Data shown:
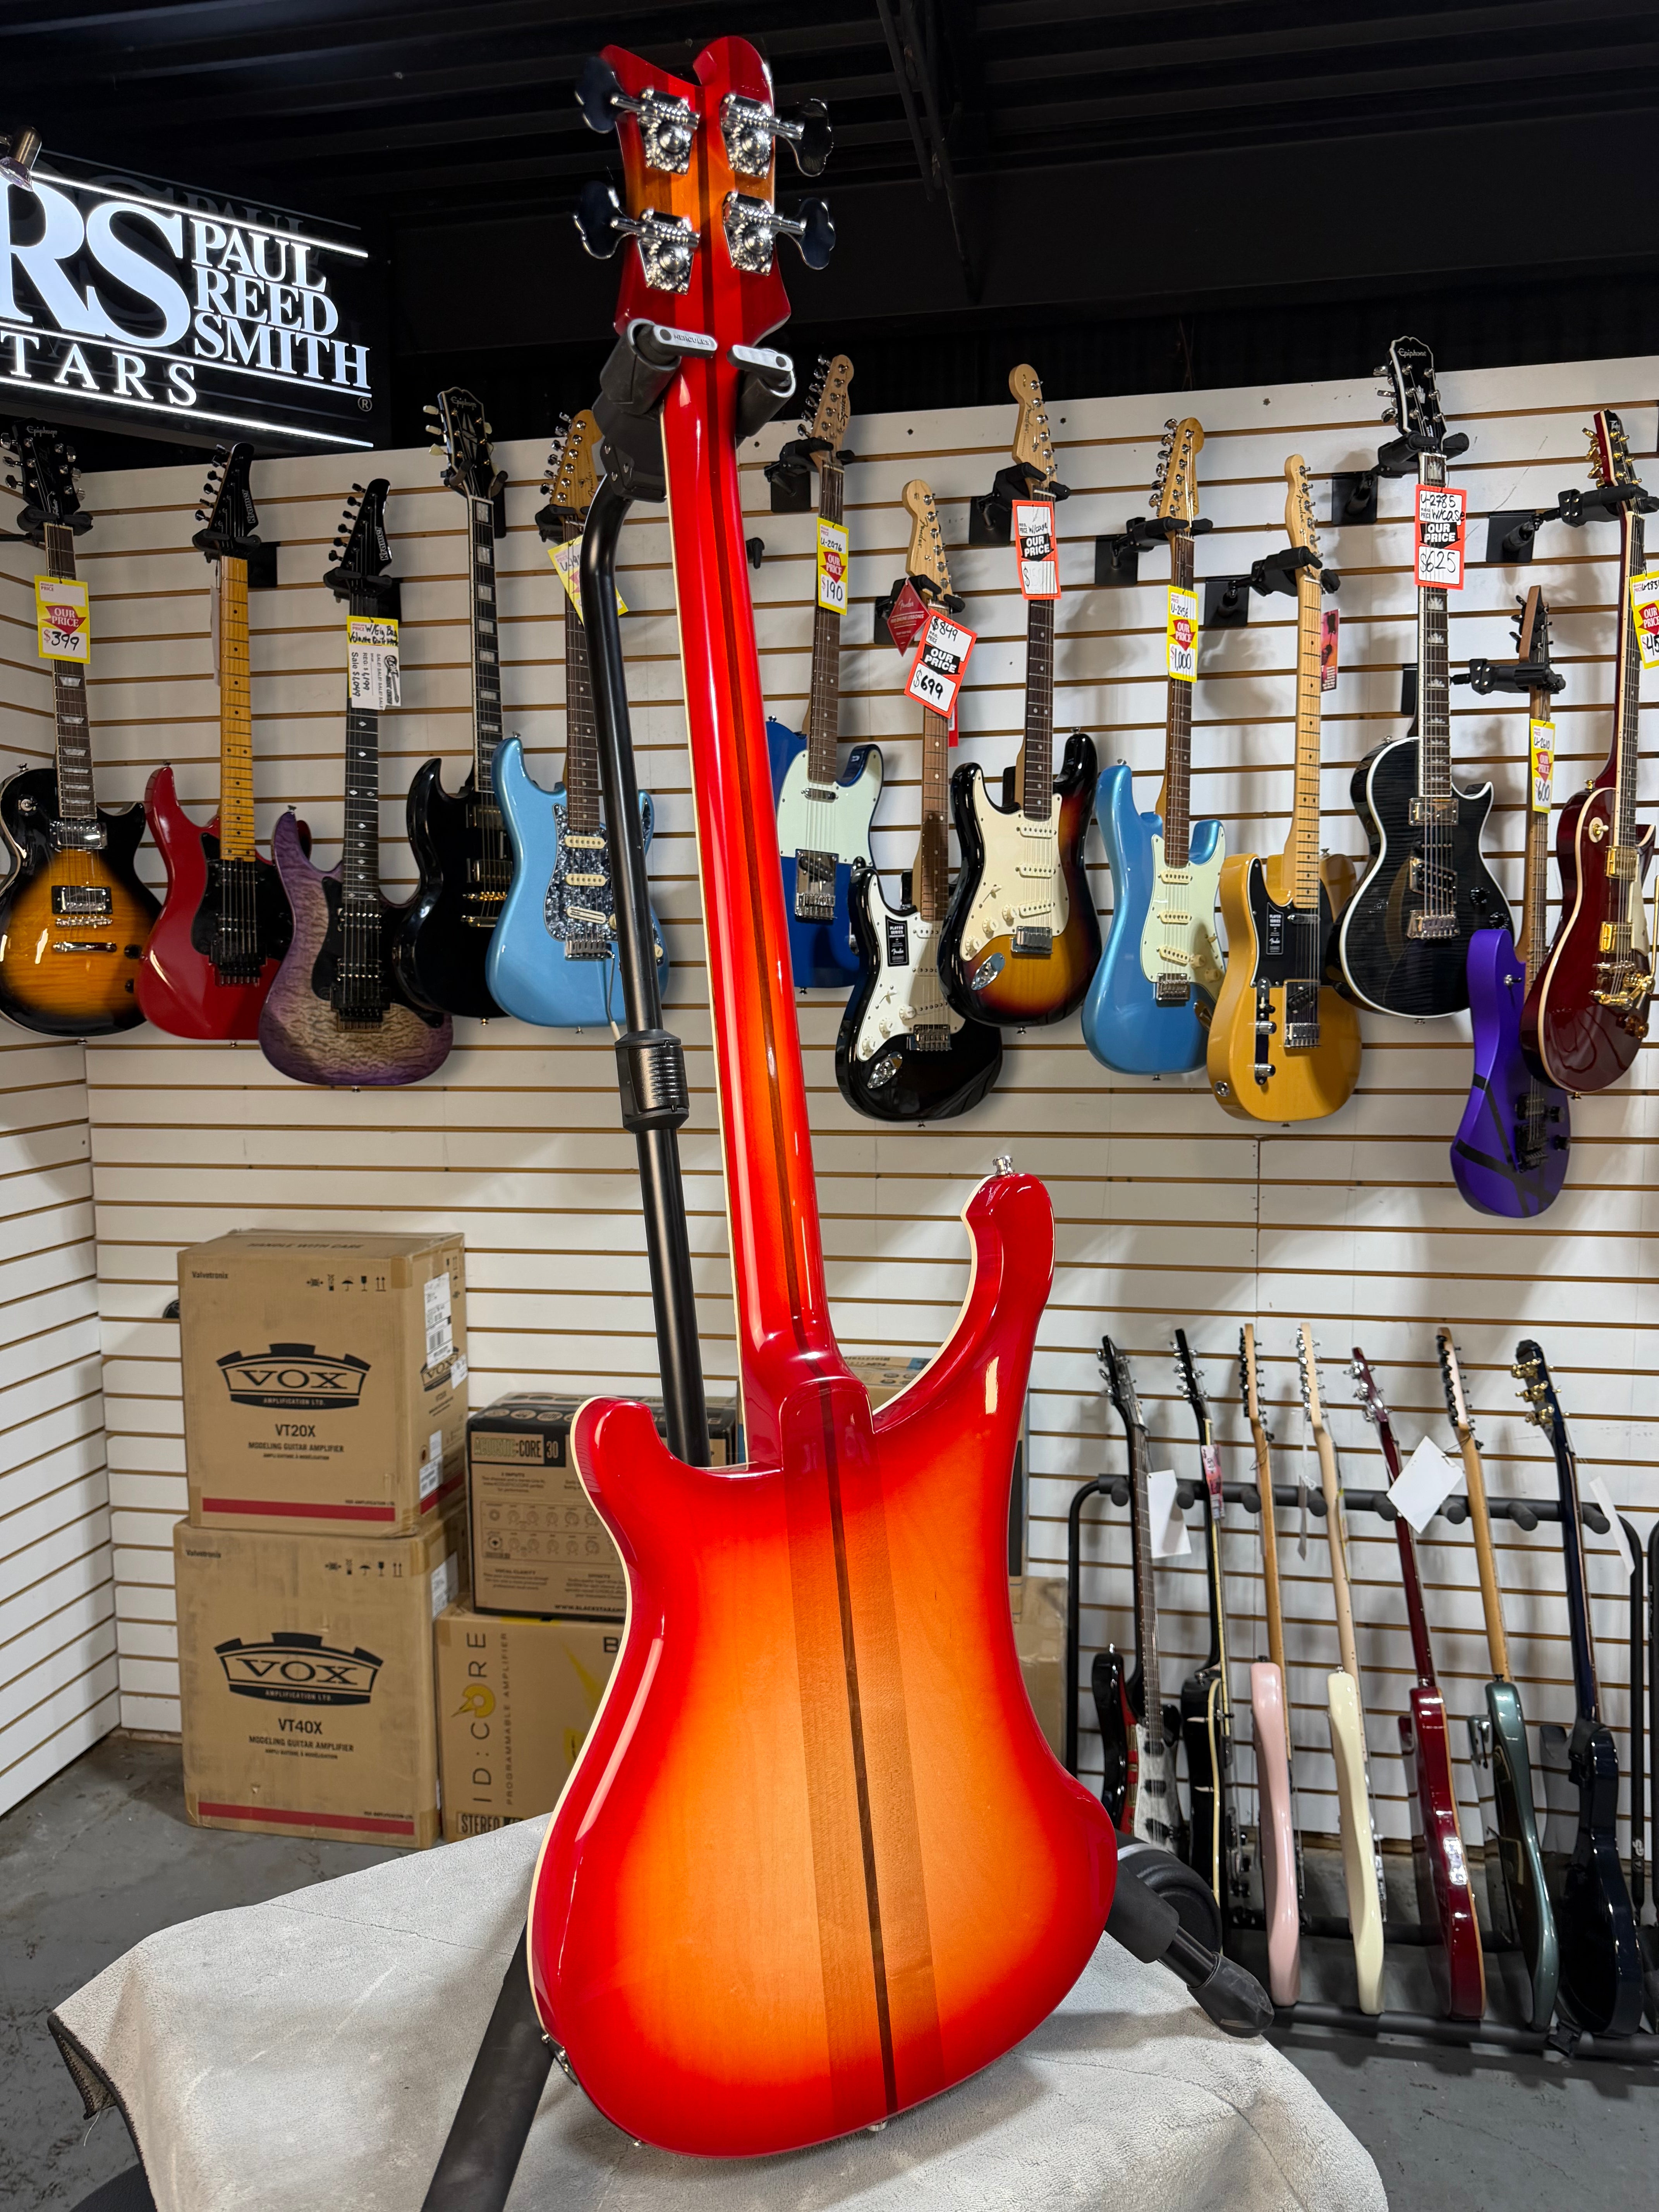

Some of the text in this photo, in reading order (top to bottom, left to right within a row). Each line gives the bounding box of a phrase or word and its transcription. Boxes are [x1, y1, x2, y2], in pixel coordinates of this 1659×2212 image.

[190, 218, 326, 292] PAUL
[192, 265, 338, 336] REED
[673, 333, 710, 345] HERCULES
[194, 314, 371, 389] SMITH
[1397, 348, 1427, 358] Epiphone
[0, 331, 197, 407] TARS
[26, 425, 58, 438] Epiphone
[242, 489, 256, 524] Kramer
[919, 517, 928, 548] Fender
[1428, 523, 1450, 533] OUR
[375, 526, 389, 561] Kramer
[1026, 536, 1044, 548] OUR
[1424, 532, 1456, 543] PRICE
[1024, 544, 1050, 557] PRICE
[828, 554, 841, 566] OUR
[1420, 550, 1456, 574] $625
[826, 562, 843, 576] PRICE
[821, 577, 843, 601] $190
[54, 608, 75, 618] OUR
[1644, 607, 1658, 618] OUR
[52, 616, 79, 627] PRICE
[931, 615, 958, 642] $849
[1177, 622, 1190, 634] OUR
[1643, 616, 1659, 629] PRICE
[44, 629, 80, 651] $399
[927, 635, 938, 644] PRICE
[1175, 631, 1192, 643] PRICE
[931, 648, 954, 663] OUR
[1170, 646, 1191, 671] $1,000
[924, 654, 957, 673] PRICE
[352, 672, 361, 697] $1,049
[913, 669, 943, 700] $699
[1539, 754, 1549, 764] OUR
[1539, 763, 1549, 775] PRICE
[192, 1271, 228, 1279] Valvetronix
[237, 1369, 348, 1389] VOX
[263, 1397, 310, 1405] AMPLIFICATION
[275, 1424, 316, 1437] VT20X
[248, 1441, 282, 1450] MODELING
[309, 1444, 344, 1453] AMPLIFIER
[546, 1440, 559, 1459] 30
[236, 1658, 358, 1685] VOX
[500, 1633, 510, 1698] AMPLIFIER
[265, 1690, 316, 1700] AMPLIFICATION
[278, 1718, 323, 1735] VT40X
[249, 1735, 354, 1752] MODELING GUITAR AMPLIFIER
[503, 1704, 514, 1805] PROGRAMMABLE
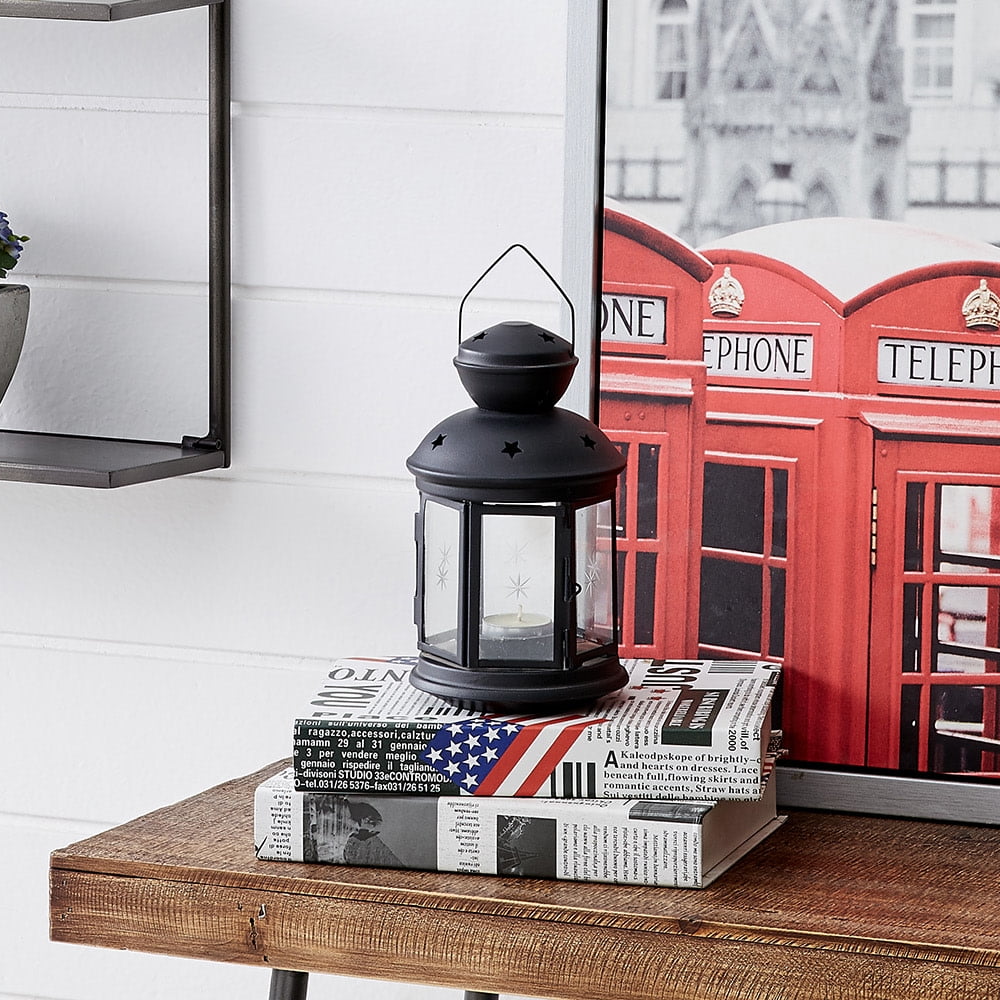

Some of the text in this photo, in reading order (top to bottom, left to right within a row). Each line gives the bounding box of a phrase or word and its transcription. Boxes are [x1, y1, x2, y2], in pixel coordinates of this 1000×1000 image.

[337, 738, 349, 748] 29
[356, 739, 365, 749] al
[371, 739, 382, 749] 31
[390, 741, 427, 751] gennaio
[728, 729, 737, 752] 2000
[306, 748, 312, 757] 3
[319, 750, 334, 759] per
[341, 750, 378, 759] vendere
[385, 751, 417, 762] meglio
[604, 750, 619, 768] A
[300, 759, 336, 769] gennaio
[342, 760, 381, 771] rispedire
[387, 761, 393, 770] il
[641, 762, 674, 771] hearts
[691, 764, 731, 773] dresses.
[734, 765, 758, 774] Lace
[338, 770, 373, 780] STUDIO
[603, 770, 644, 780] beneath
[708, 775, 738, 784] skirts
[740, 776, 759, 784] and
[418, 783, 428, 792] 51
[430, 784, 441, 792] 25
[603, 782, 650, 790] romantic
[652, 785, 693, 793] accents,
[695, 784, 726, 793] Straw
[728, 786, 750, 794] hats
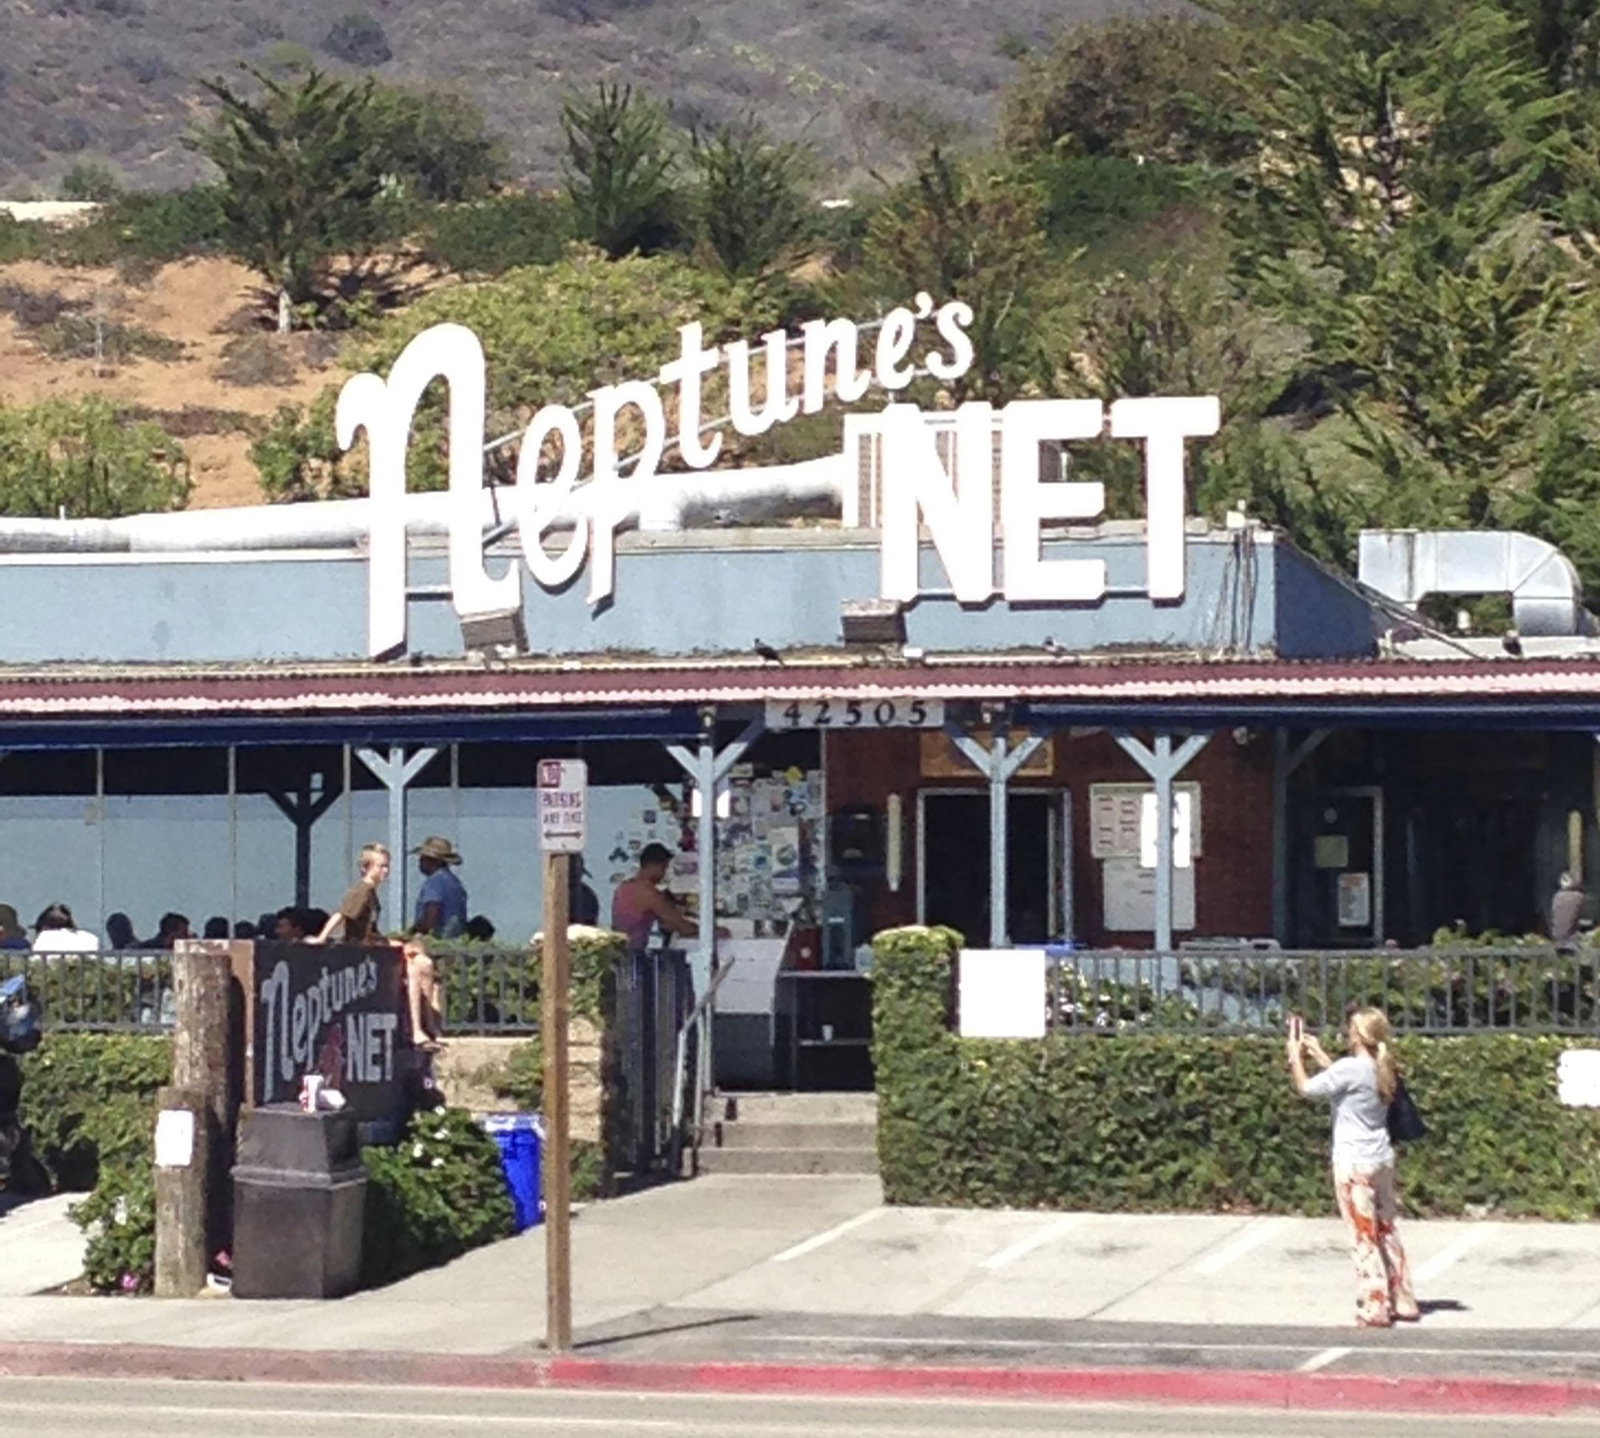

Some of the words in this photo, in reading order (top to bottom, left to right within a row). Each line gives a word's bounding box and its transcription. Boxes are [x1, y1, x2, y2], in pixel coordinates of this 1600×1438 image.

Your goal:
Write out each line again, exactly as it appears above, except for any picture.

Answer for this exercise:
Some of the text in this photo, in reading order (top to bottom, left to right within a row). Each line gives the bounding box of a phrase or word and its transcription. Boxes are [x1, y1, x2, y2], in pixel coordinates of this 1659×2212 image.

[190, 218, 326, 292] PAUL
[192, 265, 338, 336] REED
[673, 333, 710, 345] HERCULES
[194, 314, 371, 389] SMITH
[1397, 348, 1427, 358] Epiphone
[0, 331, 197, 407] TARS
[26, 425, 58, 438] Epiphone
[242, 489, 256, 524] Kramer
[919, 517, 928, 548] Fender
[1428, 523, 1450, 533] OUR
[375, 526, 389, 561] Kramer
[1026, 536, 1044, 548] OUR
[1424, 532, 1456, 543] PRICE
[1024, 544, 1050, 557] PRICE
[828, 554, 841, 566] OUR
[1420, 550, 1456, 574] $625
[826, 562, 843, 576] PRICE
[821, 577, 843, 601] $190
[54, 608, 75, 618] OUR
[1644, 607, 1658, 618] OUR
[52, 616, 79, 627] PRICE
[931, 615, 958, 642] $849
[1177, 622, 1190, 634] OUR
[1643, 616, 1659, 629] PRICE
[44, 629, 80, 651] $399
[927, 635, 938, 644] PRICE
[1175, 631, 1192, 643] PRICE
[931, 648, 954, 663] OUR
[1170, 646, 1191, 671] $1,000
[924, 654, 957, 673] PRICE
[352, 672, 361, 697] $1,049
[913, 669, 943, 700] $699
[1539, 754, 1549, 764] OUR
[1539, 763, 1549, 775] PRICE
[192, 1271, 228, 1279] Valvetronix
[237, 1369, 348, 1389] VOX
[263, 1397, 310, 1405] AMPLIFICATION
[275, 1424, 316, 1437] VT20X
[248, 1441, 282, 1450] MODELING
[309, 1444, 344, 1453] AMPLIFIER
[546, 1440, 559, 1459] 30
[236, 1658, 358, 1685] VOX
[500, 1633, 510, 1698] AMPLIFIER
[265, 1690, 316, 1700] AMPLIFICATION
[278, 1718, 323, 1735] VT40X
[249, 1735, 354, 1752] MODELING GUITAR AMPLIFIER
[503, 1704, 514, 1805] PROGRAMMABLE

Some of the text in this photo, in reading order (top to bottom, left to right within a row). Each line gives the bounding box of a phrase or word and its transcription. Boxes are [x1, y1, x2, y2], in pixel coordinates of this 1000×1000 image.

[337, 738, 349, 748] 29
[356, 739, 365, 749] al
[371, 739, 382, 749] 31
[390, 741, 427, 751] gennaio
[728, 729, 737, 752] 2000
[306, 748, 312, 757] 3
[319, 750, 334, 759] per
[341, 750, 378, 759] vendere
[385, 751, 417, 762] meglio
[604, 750, 619, 768] A
[300, 759, 336, 769] gennaio
[342, 760, 381, 771] rispedire
[387, 761, 393, 770] il
[641, 762, 674, 771] hearts
[691, 764, 731, 773] dresses.
[734, 765, 758, 774] Lace
[338, 770, 373, 780] STUDIO
[603, 770, 644, 780] beneath
[708, 775, 738, 784] skirts
[740, 776, 759, 784] and
[418, 783, 428, 792] 51
[430, 784, 441, 792] 25
[603, 782, 650, 790] romantic
[652, 785, 693, 793] accents,
[695, 784, 726, 793] Straw
[728, 786, 750, 794] hats

Some of the words in this photo, in reading order (top to bottom, left to right within a row). Each line gives a word's bounding box and its transcription. Boxes are [x1, y1, x2, y2], in pixel coordinates of this 1600×1438 image.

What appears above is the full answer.